Yes. It's MY username! The one I picked! It doesn't have an account associated with it because I got bumped out of the system before I got finished! Because of that stupid permit thingie!
So now, it's been about 45 minutes of bullshit, and I'm starting to get peeved. So I decide to call again. I have to go through all the stupid menu of:
"If you speak English, press one; If the account associated with this call is the number you're calling from press one; if you're calling about your bill press one; if you're calling about an electrical outage, press two; if you're calling to stop service, press three; if you're calling to check on a start-service call that's already been made, press four; if you're calling to move service, press five; if you're calling to start service, press six; if you're calling to give us your firstborn son, press seven......BLAH, BLAH, BLAH!!
So I press about starting service.
"Please wait while we transfer you're call. The wait is between 10 and 20 minutes."
Then I turn on the speakerphone and put it down so I can do other things while I wait and this godawful Muzak cranks out at eardrum rupturing volume on my iphone. About 15 minutes later a woman comes on the phone. I'm so excited to get someone on the phone I accidentally hit End Call.
Fortunately, I must not've hit it hard enough, because it didn't hang up. So then I start going through all the information I've already put online with the new woman, and we get all the way to, "Will there be a dog on the premises when we send someone over?" when I notice there are two cats on top of my great grandfather's secretary, and they're knocking everything off of it. The picture of the house on the bluff hits the floor. The photo of my-dad-with-Annet-as-a-baby hits the floor.
"Hang on just a second," I say. "The cats are knocking everything off the secretary."
I sure hope she knows a secretary is a piece of furniture.
I hear this little beep.
I shoo the cats away and say, "No, there won't be any dogs over there."
"Hello? You still there?"
I look at my phone. "We sorry. Facetime is not available at this time. WTF? I hit "Okay."
"Hello? Are you there?"
Surely she'll call me back. I'd already given her my all my contact numbers. I was mid-sentence when the call got dropped. She'll call me back, right? Wrong.

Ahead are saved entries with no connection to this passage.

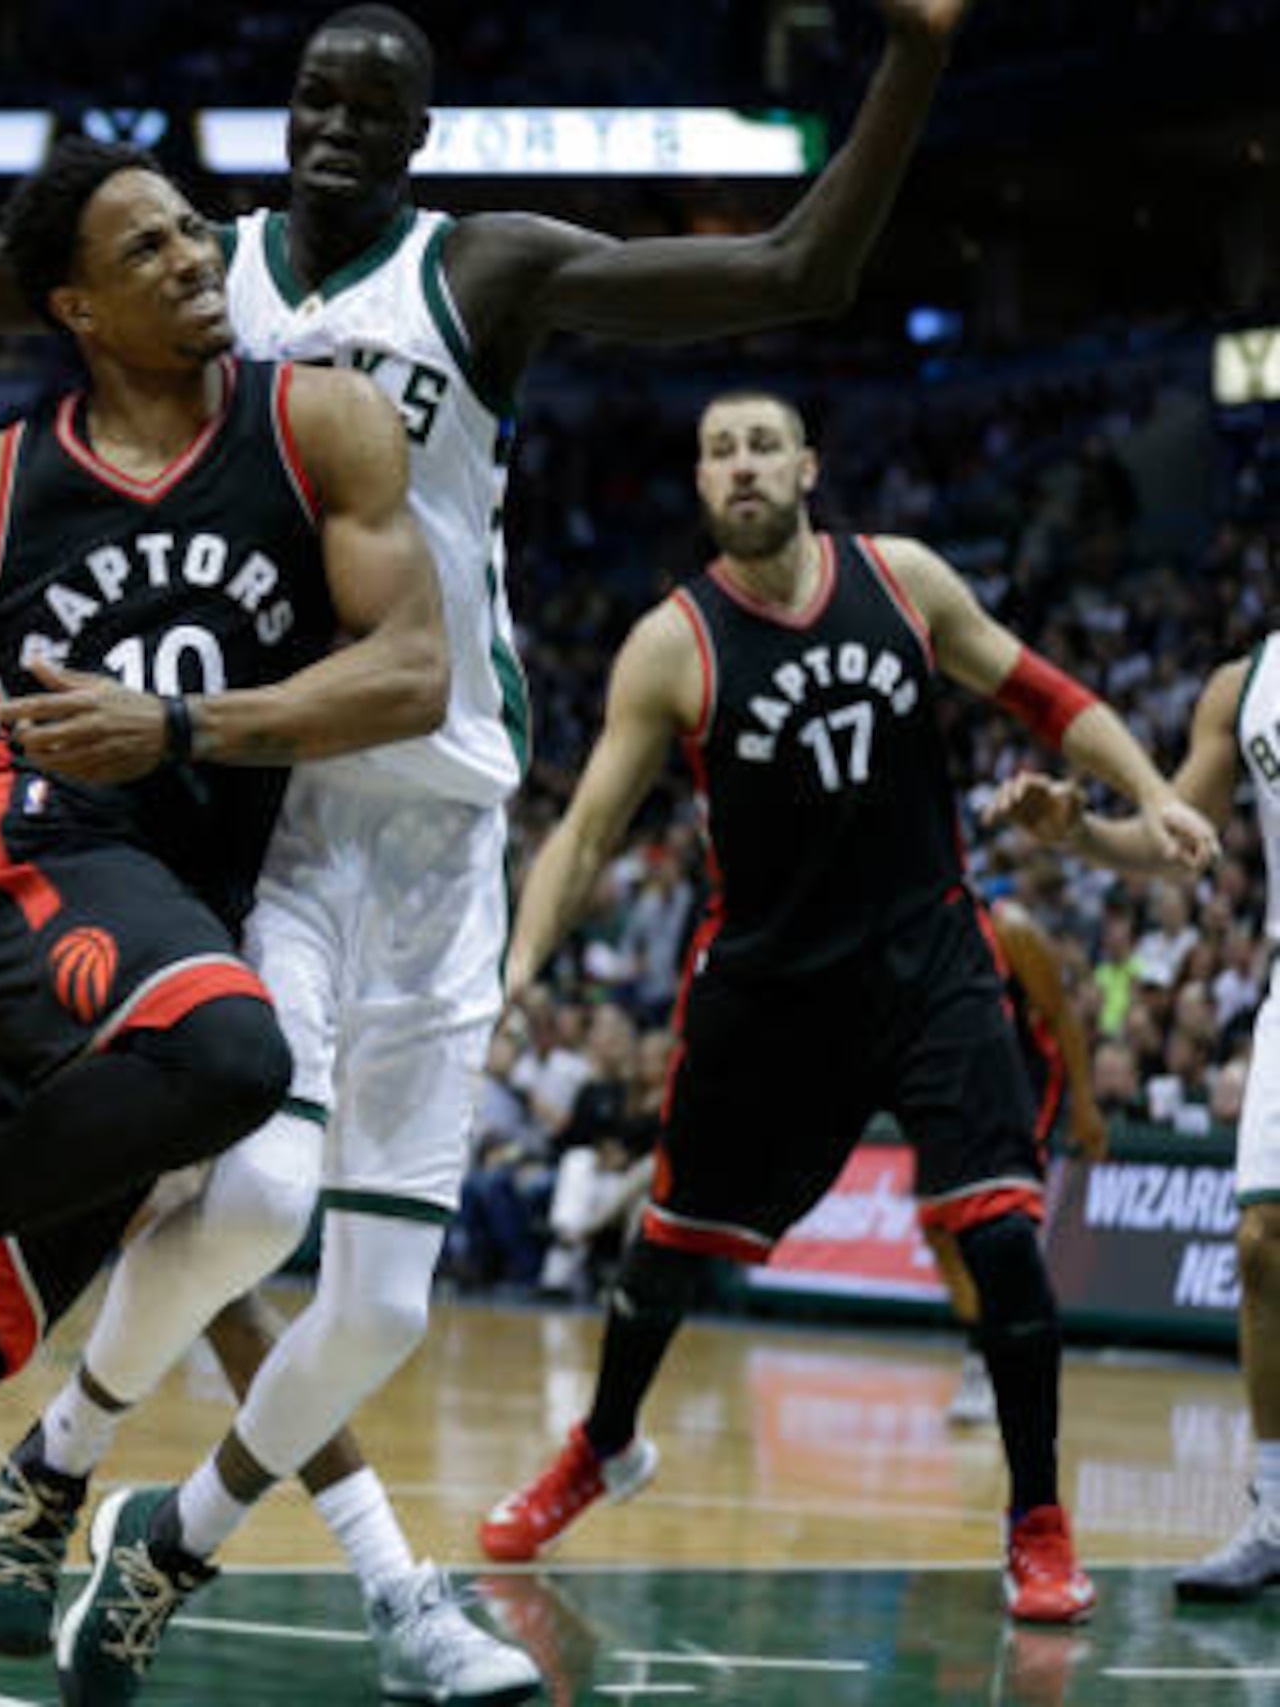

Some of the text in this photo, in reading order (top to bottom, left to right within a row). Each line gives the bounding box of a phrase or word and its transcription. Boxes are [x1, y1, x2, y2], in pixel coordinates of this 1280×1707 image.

[20, 532, 295, 675] RAPTORS
[103, 624, 227, 697] 10
[736, 641, 918, 762] RAPTORS
[799, 700, 874, 791] 17
[1173, 1243, 1243, 1308] NE

Then my realtor calls. I just want you to know I've already arranged for the permit and inspection. Oh! Well, good!
So I've now spent about two hours of premium morning, coffee-drinking, posting-on-the-internet time on NOTHING. Argh!!!!
Boyfriend comes upstairs.
"What are you doing?"
So I tell him the whole, awful, like-a-bad-dream-where-you're-naked-and-trying-to-get-back-home-and-can't kind of story. I'm out of breath when I finish.
He looks at me.
"Don't forget to call the gas company."